Unique AI-based super-fast search in chemical space
Scientists: Miroslav Lžičař, Hamza Gamouh, Martin Culka, Jan Skácel, Jan Macek
The ability to rapidly search and analyze large databases of molecules for similar compounds have revolutionized drug discovery and chemical informatics. Searching large databases using traditional means is, however, extremely slow, and therefore intractable. To address those shortcomings, we developed a new fast and scalable tool: CHEESE (Chemical Embeddings Search Engine) for searching very large chemical spaces.
The AI-based tool learns molecule representations and has the potential to be trainable and flexible to many molecule similarity aspects (2D, 3D, ...). Furthermore, the learned molecule representations can be leveraged for multiple downstream tasks such as molecular property prediction.
To construct our tool, we used the ZINC15 database (700 million molecules). We trained an AI model to learn three similarity metrics: Morgan 2D Fingerprint similarity, 3D Shape similarity and Electrostatic similarity. The 3D shape similarity metric between two molecules is based on the 3D surface overlap of the best aligned pair of randomly generated conformers. The Electrostatic similarity is based on the best overlap of the electrostatic potential (ESP) between aligned pairs of conformers. The above metrics should preserve the protein-ligand binding properties of query molecules. Searching the whole ZINC15 database using the exact shape and electrostatic similarity metrics is intractable. Our method presents a huge advantage since it enables to search the database using different similarity metrics in few seconds. Moreover, the learned representations can be visualized together and allow for intuitive neighborhood exploration of the query.
CHEESE Evaluation. Comparison of our models against SOTA molecular search on enumerative databases called Smallworld (used in ZINC22) and random molecule retrieval. 100 search queries with 30 results were performed using each method. Our models are clearly better than random search since they can retrieve much more similar molecules. They are also beating Smallworld on 2D Morgan and 3D Electrostatic search.

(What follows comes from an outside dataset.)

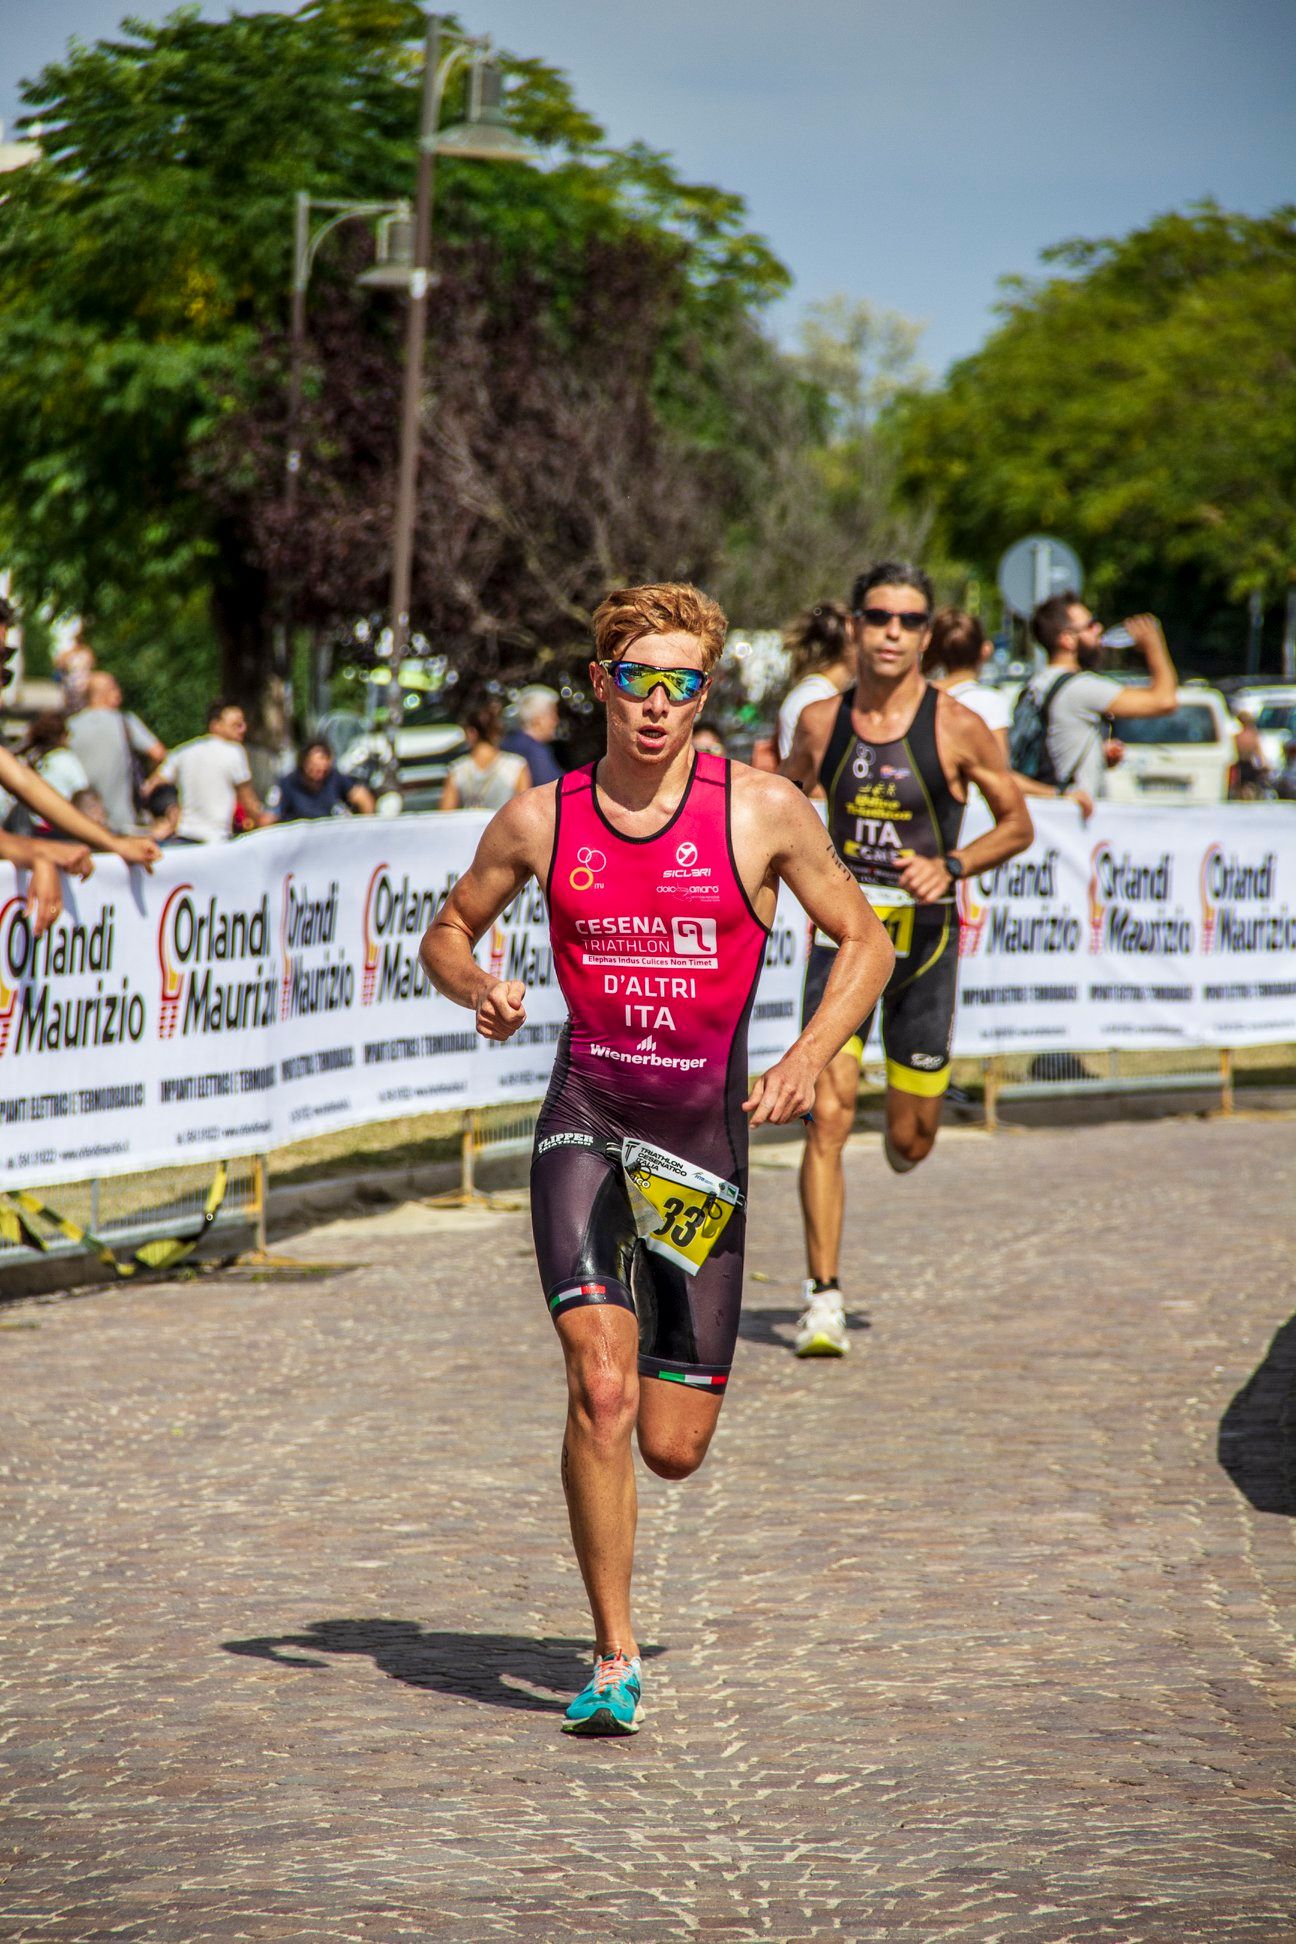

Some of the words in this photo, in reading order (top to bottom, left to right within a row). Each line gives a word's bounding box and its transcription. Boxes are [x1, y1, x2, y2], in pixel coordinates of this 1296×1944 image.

Case Study: Finding Inhibitors. To show the potential application of our tool, we performed a case study where we worked with the human Epidermal Growth Factor Receptor (EGFR). The EGFR has more than 3000 inhibitors in the ZINC15 database. We searched 100 randomly selected inhibitors using our tool, and we were able to find at least one new inhibitor for 14 of the query inhibitors. Interestingly, we have found 5 new inhibitors of one particular inhibitor query. Moreover, some newly found inhibitors were highly similar to the query in 3D Shape Similarity and Electrostatic Similarity. This shows that our tool is able to find molecules with similar binding properties and is very promising to find new inhibitors for a target.
Coming features include integration in a virtual screening pipeline with property prediction, molecule generation & docking; target representation to navigate to more promising chemical regions; extend to further relevant use cases of the molecular embeddings.
The AI-driven drug discovery market was valued at $627.1 million in 2021 and is projected to grow to $4,197.5 million by 2028. This growth represents a compound annual growth rate (CAGR) of 41.5% from 2022 to 2028.
CHEESE, as well as other AI-driven methods for drug discovery, are being actively developed by us to become the world-leading technology for large chemical space exploration.
CHEESE search engine has been deployed at cheese.themama.ai and is ready to use. Other catalogs of compounds as well as novel features will be added subsequently. We further offer customization of the engine to customers’ databases and their needs.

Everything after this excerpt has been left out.